Your objective
Write out the records below exactly as they appear, skipping each picture.

Images for object localization
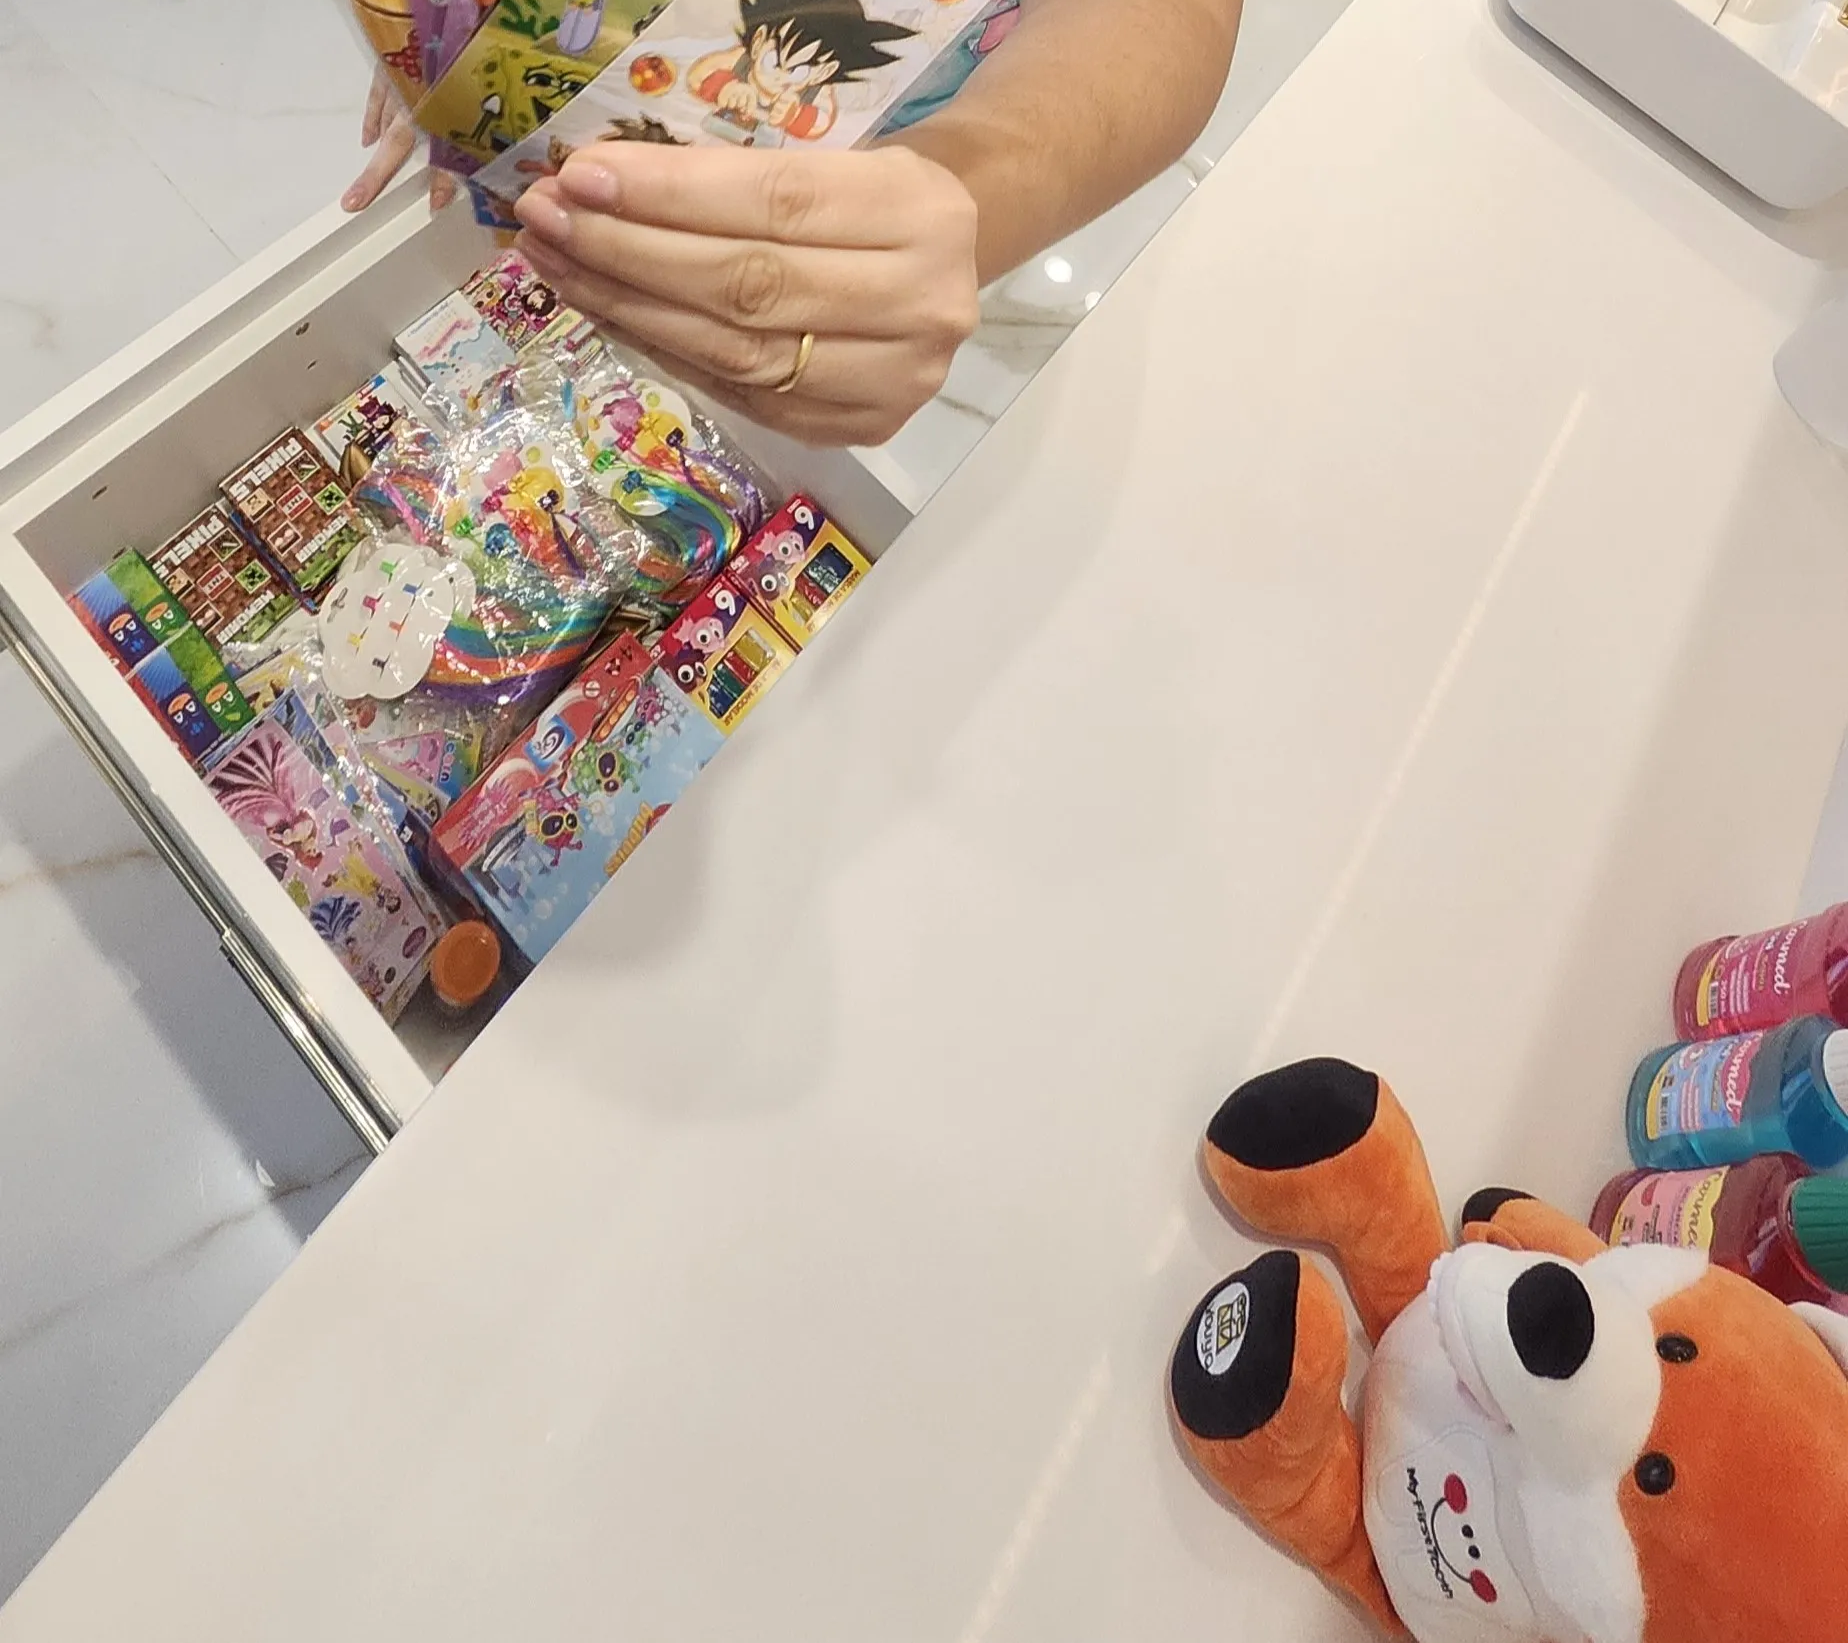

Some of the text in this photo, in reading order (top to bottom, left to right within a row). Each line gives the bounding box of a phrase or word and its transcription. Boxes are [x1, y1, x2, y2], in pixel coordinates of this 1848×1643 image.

[228, 436, 303, 502] PIXELS
[285, 492, 305, 513] TNT
[793, 506, 815, 531] 6
[151, 514, 224, 579] PIXELS
[203, 572, 225, 594] TNT
[713, 589, 736, 616] 6
[722, 690, 755, 727] MODELAR
[1774, 917, 1808, 995] Carmed
[1685, 1169, 1724, 1250] Carme

Output of the exercise
Some of the text in this photo, in reading order (top to bottom, left to right within a row). Each line gives the bounding box of a phrase or word and its transcription. Boxes are [x1, y1, x2, y2], in pixel coordinates of this 1848×1643 image.

[228, 436, 303, 502] PIXELS
[285, 492, 305, 513] TNT
[793, 506, 815, 531] 6
[151, 514, 224, 579] PIXELS
[203, 572, 225, 594] TNT
[713, 589, 736, 616] 6
[722, 690, 755, 727] MODELAR
[1774, 917, 1808, 995] Carmed
[1685, 1169, 1724, 1250] Carme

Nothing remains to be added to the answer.